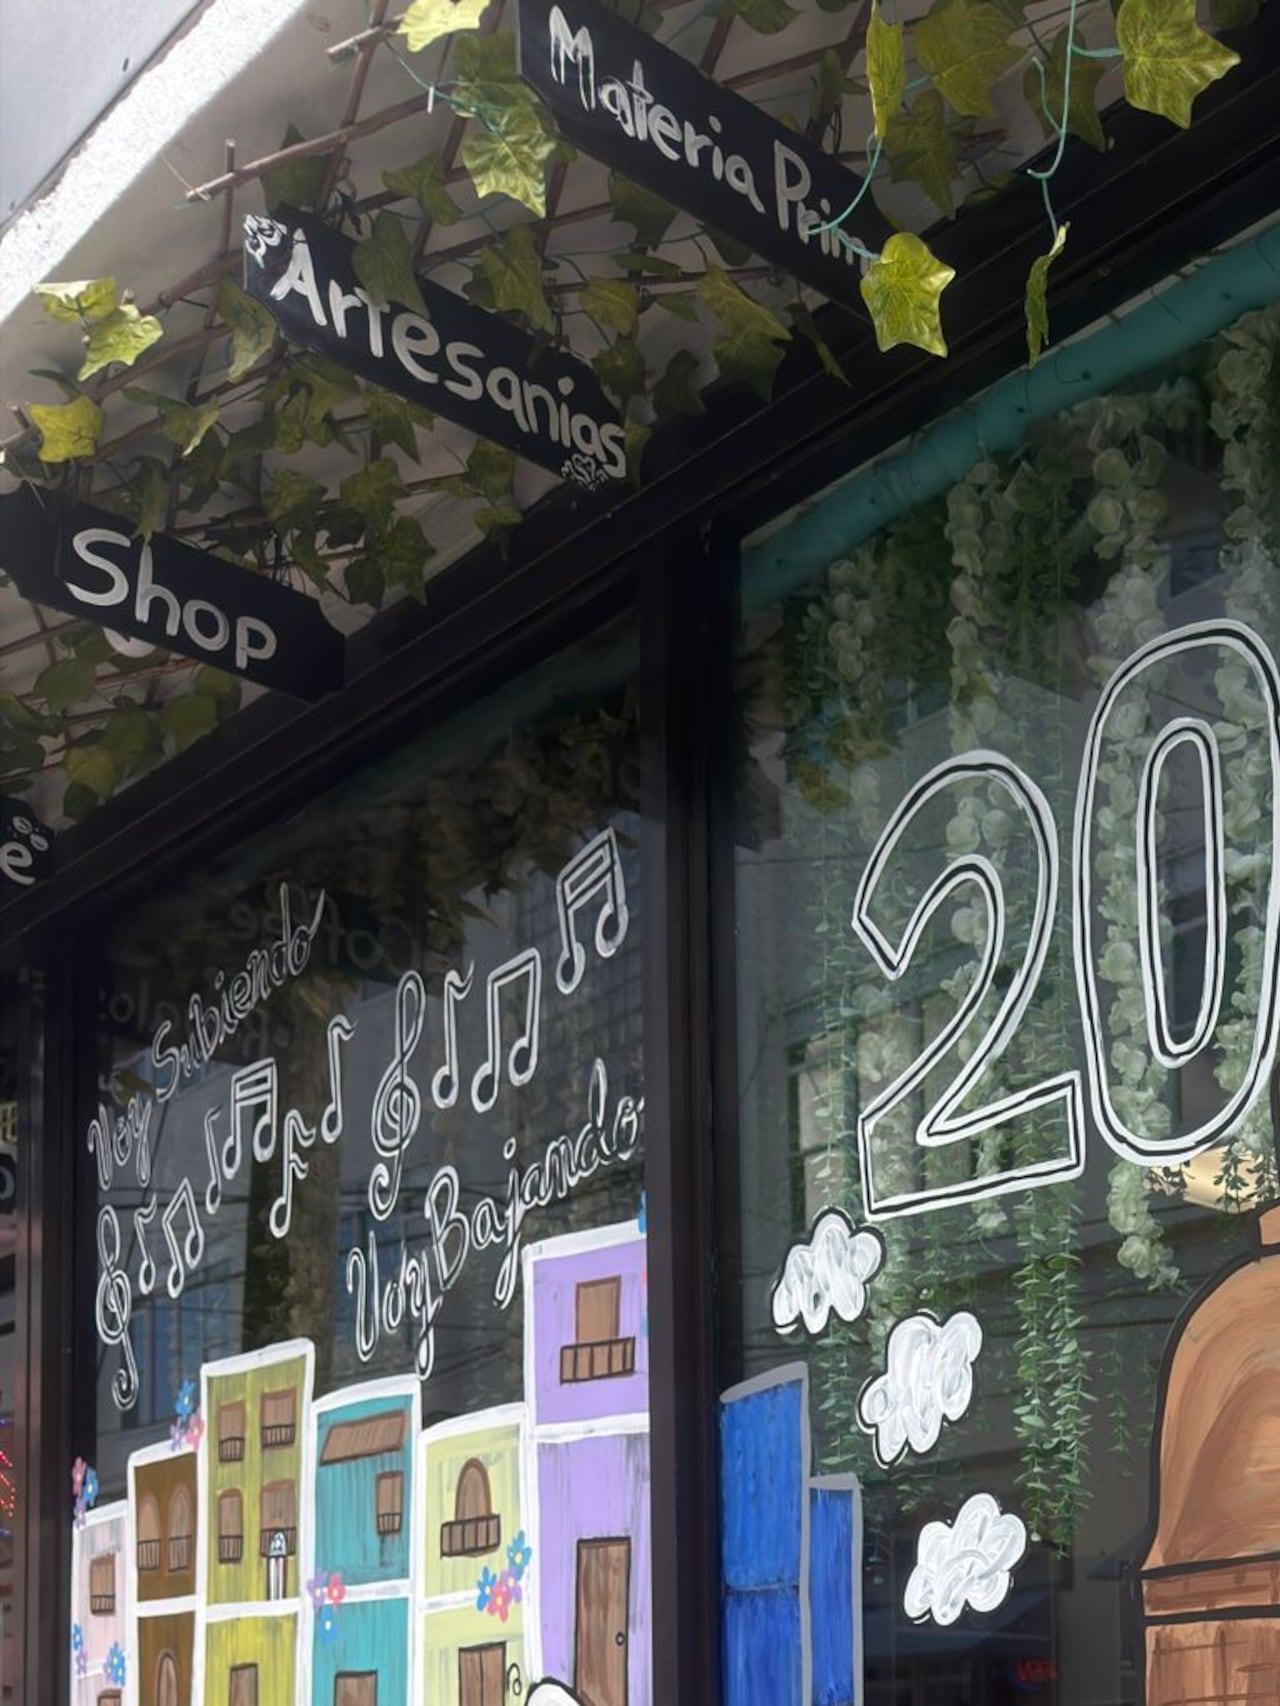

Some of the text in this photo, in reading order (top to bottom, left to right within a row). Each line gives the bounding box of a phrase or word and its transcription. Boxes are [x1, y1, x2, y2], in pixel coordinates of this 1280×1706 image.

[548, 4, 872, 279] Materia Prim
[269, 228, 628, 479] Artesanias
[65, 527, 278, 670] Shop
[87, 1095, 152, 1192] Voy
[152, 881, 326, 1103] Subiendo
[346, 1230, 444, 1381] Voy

EXERCISE DETAILS
Copy every line above exactly, leaving no picture in the copy.

WRITTEN SOLUTION
Some of the text in this photo, in reading order (top to bottom, left to right within a row). Each line gives the bounding box of a phrase or word and its transcription. Boxes are [x1, y1, x2, y2], in pixel coordinates of this 1280×1706 image.

[548, 4, 872, 279] Materia Prim
[269, 228, 628, 479] Artesanias
[65, 527, 278, 670] Shop
[87, 1095, 152, 1192] Voy
[152, 881, 326, 1103] Subiendo
[346, 1230, 444, 1381] Voy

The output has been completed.